Task prompt: Transcribe the entries below exactly; leave every image out.

[Dataset entries]
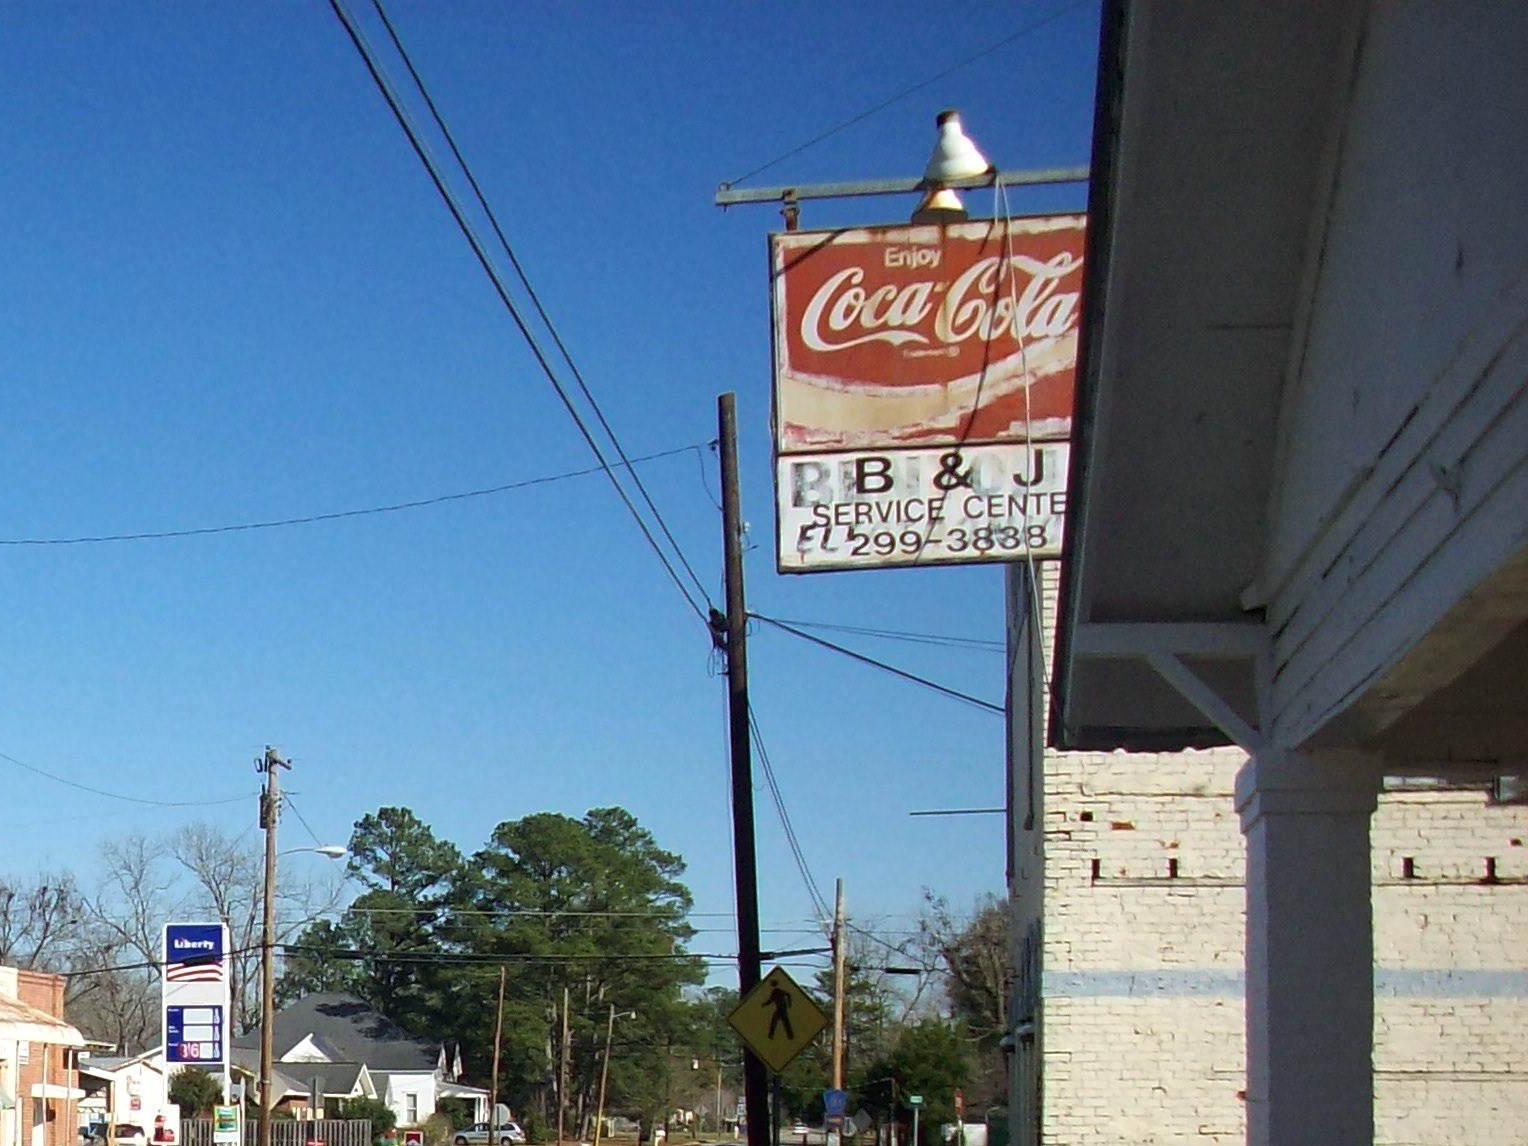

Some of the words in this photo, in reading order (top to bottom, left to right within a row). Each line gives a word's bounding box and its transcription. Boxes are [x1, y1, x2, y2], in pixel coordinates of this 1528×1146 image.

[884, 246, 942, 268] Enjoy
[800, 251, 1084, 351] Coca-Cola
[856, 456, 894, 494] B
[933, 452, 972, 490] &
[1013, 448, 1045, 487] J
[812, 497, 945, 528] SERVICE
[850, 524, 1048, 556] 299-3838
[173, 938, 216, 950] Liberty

Answer section:
Some of the words in this photo, in reading order (top to bottom, left to right within a row). Each line gives a word's bounding box and its transcription. Boxes are [x1, y1, x2, y2], in pixel coordinates of this 1528×1146 image.

[884, 246, 942, 268] Enjoy
[800, 251, 1084, 351] Coca-Cola
[856, 456, 894, 494] B
[933, 452, 972, 490] &
[1013, 448, 1045, 487] J
[812, 497, 945, 528] SERVICE
[850, 524, 1048, 556] 299-3838
[173, 938, 216, 950] Liberty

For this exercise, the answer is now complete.